拡大してみても、最初からこういうデザインだったのでは?と思わせるような、完全な赤色の消失である。彼がモタれている……というか、かつてモタれていた物体は、まず間違いなく赤枠である。彼の口も赤色だったのだろうが、同じく完全に失われている。
このモタレ人のデザインは2010年代のスタンダードな人ではない感じ、つまり相当なベテランということからして、この看板自体がなかなかの長期間使われていることを推定させるものである(モタレ型自体が、現在ほとんど見られない……ように思う、少なくとも自分が見てきた限りでは)。その割にはこの看板、かなりキレイである。かなり丁寧に扱われてきたのだろうか。実に良いことである。
この人でふと思い出した、ちょっと不思議な例が下の写真。工事現場の看板ではなく、駐車禁止に関する注意喚起看板である。
黄色いランドセルを背負った少年が、斜め奥側に向かって進んでいく様子である。しかし彼の肌の色は……看板と同じく白い色ということなのだろうか。顔には、目と思しき黒い丸二つが浮かぶのみである。この看板は恐らくPTAか学校の手作りと思われるが、彼の肌の色を退色しやすい色で塗ったとはとても思えない(肌を赤で塗ることはまずありえない)。「駐車」という文字は赤で書かれているが、板の痛みの方で剥げてはいるものの、退色で蒸発という感じではない。

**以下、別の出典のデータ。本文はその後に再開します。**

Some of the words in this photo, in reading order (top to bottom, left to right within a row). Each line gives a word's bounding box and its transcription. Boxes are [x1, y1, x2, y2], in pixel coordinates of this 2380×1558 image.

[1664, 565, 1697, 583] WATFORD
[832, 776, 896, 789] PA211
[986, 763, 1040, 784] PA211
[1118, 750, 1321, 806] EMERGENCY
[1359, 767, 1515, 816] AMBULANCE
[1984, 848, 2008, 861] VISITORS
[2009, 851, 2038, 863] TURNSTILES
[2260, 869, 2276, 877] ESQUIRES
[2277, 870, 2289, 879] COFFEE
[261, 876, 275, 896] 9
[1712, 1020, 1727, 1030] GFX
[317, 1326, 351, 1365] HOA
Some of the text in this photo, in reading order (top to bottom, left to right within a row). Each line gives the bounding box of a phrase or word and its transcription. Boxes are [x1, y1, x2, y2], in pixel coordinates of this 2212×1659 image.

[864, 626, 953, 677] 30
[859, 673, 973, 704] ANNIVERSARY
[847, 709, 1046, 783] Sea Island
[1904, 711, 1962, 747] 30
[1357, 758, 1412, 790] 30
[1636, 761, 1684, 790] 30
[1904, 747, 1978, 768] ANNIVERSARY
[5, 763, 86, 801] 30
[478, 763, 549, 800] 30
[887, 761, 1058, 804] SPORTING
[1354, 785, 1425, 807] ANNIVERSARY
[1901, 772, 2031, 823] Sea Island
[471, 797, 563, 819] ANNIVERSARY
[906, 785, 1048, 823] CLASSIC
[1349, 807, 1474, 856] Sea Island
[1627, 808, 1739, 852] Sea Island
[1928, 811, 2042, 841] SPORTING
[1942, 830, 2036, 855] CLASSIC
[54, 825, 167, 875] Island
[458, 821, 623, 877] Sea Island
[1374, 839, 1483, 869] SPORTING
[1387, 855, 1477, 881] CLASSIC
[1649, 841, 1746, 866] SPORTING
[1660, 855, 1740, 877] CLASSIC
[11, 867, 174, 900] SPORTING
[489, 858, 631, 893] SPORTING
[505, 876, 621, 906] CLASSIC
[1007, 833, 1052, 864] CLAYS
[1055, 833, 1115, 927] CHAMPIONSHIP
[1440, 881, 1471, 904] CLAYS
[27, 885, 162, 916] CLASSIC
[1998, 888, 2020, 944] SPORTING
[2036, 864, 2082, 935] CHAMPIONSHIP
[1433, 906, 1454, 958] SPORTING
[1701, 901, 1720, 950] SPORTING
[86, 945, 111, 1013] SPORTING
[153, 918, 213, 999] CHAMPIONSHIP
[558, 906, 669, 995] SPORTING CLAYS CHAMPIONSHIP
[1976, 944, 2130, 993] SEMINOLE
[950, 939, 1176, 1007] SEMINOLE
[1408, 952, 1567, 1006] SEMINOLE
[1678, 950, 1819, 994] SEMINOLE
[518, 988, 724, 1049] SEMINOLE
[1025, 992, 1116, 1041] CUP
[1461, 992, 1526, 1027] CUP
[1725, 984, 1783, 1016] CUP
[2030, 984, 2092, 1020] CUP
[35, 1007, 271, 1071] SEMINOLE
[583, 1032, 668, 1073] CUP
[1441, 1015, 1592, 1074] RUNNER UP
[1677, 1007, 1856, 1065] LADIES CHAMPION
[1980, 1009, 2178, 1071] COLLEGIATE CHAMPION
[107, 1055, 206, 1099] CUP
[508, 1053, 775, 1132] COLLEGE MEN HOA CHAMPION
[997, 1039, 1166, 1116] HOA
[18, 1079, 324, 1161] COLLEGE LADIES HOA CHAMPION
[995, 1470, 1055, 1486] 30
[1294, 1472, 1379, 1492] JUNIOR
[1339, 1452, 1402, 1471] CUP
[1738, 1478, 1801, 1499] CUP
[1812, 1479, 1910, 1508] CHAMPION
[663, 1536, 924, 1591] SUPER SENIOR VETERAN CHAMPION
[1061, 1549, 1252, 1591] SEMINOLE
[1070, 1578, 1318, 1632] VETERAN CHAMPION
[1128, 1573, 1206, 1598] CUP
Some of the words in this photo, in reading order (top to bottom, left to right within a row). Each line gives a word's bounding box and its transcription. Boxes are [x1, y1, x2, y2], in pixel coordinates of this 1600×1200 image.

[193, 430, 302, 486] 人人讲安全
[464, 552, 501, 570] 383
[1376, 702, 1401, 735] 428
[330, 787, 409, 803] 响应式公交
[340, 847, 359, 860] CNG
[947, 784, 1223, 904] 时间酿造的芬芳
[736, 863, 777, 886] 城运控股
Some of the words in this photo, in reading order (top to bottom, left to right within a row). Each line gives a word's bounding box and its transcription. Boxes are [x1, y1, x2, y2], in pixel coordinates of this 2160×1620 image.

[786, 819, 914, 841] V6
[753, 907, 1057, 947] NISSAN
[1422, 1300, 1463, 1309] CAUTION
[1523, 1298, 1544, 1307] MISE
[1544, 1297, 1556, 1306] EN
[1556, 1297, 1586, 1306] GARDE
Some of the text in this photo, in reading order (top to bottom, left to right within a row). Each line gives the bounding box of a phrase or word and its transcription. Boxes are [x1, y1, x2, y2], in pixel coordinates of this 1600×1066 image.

するとやはり最初から、彼はこういう感じだったのだろうか。拡大写真では、右脚(素肌露出部)の輪郭と思われる薄い灰色の線が、かすかに見える。顔の輪郭も、よく見ると残っている部分がある。靴底の色が白く塗られているところを見ると、彼の肌は板の色をそのまま利用しつつ、身体の輪郭のみ細い暗色の線で表現したのではないかと思われる。だとすると、輪郭の線の殆どは退色あるいは板の痛みで消失してしまったことになるだろうか。
いずれにしてもこの少年、見事な「透明人間」っぷりである。目だけが光っている感じが、カワイくも不気味で良い。しかし既に9年以上も経過しているので、この透明児童も既に引退しているかもしれない。